London Mayor Boris Johnson has announced an additional £12 million to expand a city-wide building retrofit program.
The new funds will extend London’s retrofitting work, which since 2008 has updated more than 400,000 homes and over 350 public buildings with LED lighting, boilers, insulation, solar panels and double glazing.
“We need to do everything possible to make the most of our resources, reduce carbon emissions and create a more secure, cost-effective and sustainable heat and power supply across London,” Mr Johnson said.
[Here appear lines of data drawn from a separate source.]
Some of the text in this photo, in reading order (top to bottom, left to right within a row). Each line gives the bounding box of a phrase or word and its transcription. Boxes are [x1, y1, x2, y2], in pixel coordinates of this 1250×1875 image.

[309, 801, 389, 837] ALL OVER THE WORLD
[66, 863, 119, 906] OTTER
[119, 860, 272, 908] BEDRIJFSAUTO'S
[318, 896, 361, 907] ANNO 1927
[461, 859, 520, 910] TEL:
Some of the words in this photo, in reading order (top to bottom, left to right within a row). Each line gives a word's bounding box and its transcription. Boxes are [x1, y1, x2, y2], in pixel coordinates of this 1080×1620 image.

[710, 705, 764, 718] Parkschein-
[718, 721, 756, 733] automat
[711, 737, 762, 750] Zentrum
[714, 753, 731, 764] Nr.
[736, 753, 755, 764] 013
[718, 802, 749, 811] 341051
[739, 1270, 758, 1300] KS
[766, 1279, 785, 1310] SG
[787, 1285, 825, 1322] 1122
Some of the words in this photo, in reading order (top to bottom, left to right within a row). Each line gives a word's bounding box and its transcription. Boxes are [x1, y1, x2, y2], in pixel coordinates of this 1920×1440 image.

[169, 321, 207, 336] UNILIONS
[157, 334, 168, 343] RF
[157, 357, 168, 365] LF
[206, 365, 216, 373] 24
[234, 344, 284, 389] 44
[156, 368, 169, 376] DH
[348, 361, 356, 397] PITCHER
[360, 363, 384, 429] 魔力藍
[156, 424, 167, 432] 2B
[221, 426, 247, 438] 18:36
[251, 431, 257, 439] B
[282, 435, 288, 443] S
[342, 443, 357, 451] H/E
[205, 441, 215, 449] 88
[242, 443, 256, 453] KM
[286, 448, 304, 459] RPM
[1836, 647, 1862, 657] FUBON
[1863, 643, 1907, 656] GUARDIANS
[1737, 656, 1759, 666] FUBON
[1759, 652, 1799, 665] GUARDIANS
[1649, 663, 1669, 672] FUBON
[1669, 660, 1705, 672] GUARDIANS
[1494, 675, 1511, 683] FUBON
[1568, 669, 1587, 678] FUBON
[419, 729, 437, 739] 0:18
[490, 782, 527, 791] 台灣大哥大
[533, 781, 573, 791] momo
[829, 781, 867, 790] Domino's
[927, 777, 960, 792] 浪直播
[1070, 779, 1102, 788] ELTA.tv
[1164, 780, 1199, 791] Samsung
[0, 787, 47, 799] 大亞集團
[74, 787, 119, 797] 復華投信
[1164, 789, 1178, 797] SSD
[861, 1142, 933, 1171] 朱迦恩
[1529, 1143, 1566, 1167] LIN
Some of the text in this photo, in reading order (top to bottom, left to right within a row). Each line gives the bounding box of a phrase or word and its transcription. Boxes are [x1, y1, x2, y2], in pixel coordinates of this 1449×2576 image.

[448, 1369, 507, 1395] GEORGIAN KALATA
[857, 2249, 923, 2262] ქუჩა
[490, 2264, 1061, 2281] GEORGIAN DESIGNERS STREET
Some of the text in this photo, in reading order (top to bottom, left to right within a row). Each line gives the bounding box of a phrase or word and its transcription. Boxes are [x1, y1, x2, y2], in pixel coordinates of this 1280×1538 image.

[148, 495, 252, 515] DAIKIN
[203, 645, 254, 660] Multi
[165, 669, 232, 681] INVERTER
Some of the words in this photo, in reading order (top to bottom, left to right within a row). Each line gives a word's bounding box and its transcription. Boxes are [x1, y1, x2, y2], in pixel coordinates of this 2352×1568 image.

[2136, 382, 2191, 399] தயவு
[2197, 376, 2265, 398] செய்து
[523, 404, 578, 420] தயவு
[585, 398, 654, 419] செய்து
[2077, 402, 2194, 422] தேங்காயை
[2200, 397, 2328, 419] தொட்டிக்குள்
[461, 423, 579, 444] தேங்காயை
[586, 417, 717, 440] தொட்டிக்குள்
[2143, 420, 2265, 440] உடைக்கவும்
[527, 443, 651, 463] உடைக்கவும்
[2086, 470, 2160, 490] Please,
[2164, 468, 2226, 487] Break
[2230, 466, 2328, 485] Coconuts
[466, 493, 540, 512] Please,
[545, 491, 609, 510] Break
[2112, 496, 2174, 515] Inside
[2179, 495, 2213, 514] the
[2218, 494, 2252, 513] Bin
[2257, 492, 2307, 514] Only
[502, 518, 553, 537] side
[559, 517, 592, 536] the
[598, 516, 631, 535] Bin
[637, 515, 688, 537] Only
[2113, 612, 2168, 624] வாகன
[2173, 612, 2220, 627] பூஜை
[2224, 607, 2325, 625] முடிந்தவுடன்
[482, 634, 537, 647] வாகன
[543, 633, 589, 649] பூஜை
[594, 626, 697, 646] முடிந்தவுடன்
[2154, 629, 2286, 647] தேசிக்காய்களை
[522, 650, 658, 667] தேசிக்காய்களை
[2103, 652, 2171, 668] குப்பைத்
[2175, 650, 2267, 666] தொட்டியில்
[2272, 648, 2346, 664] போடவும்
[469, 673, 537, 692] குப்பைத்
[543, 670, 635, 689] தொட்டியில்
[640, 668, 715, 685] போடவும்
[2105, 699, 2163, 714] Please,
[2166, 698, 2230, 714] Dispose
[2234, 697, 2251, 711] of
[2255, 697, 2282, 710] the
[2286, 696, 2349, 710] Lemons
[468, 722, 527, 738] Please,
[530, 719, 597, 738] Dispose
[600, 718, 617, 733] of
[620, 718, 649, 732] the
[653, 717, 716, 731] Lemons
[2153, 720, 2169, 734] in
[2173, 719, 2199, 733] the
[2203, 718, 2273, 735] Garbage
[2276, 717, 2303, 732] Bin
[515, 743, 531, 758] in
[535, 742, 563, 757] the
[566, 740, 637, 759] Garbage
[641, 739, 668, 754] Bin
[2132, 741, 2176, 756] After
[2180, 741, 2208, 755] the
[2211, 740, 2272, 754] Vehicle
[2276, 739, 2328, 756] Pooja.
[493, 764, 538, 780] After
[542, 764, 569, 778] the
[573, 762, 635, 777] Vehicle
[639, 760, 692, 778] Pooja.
“Retrofitting older homes and buildings has a pivotal part to play in this, while also helping to save us all money on fuel bills. With these innovative energy saving technologies, London is leading the way as a 21st Century world city.”
Projects already underway include:
- the St George’s teaching hospital in Tooting, with a £12 million investment that will reduce energy use by 39 per cent and cut over 6000 tonnes of carbon emissions a year
- in Croydon, a £20 million investment to help retrofit 30 civic buildings including schools and libraries
- in Hackney, a £7 million project to create a communal gas heating network to replace expensive individual electric heating in more than 800 homes across 10 blocks of social housing, reducing energy bills by 56 per cent with average annual personal savings of £980 for over 1500 tenants
- the Lee Valley Heat Network, an project to provide low carbon heating in the form of hot water through a system of pipes to tens of thousands of homes across north London, reducing the carbon footprint of each home by around 50 per cent
- the installation of low-carbon heat and cooling systems across the Tate’s London art gallery estate – including the Tate Modern, Tate Britain and its local storage facilities – to achieve a 25 per cent annual energy saving and a 45 per cent reduction in the Tate Modern’s gas consumption alone
The mayor’s retrofitting program consists of investment through the London Green Fund, and development support through the Mayor’s RE:FIT (for public buildings) and RE:NEW (for homes) schemes.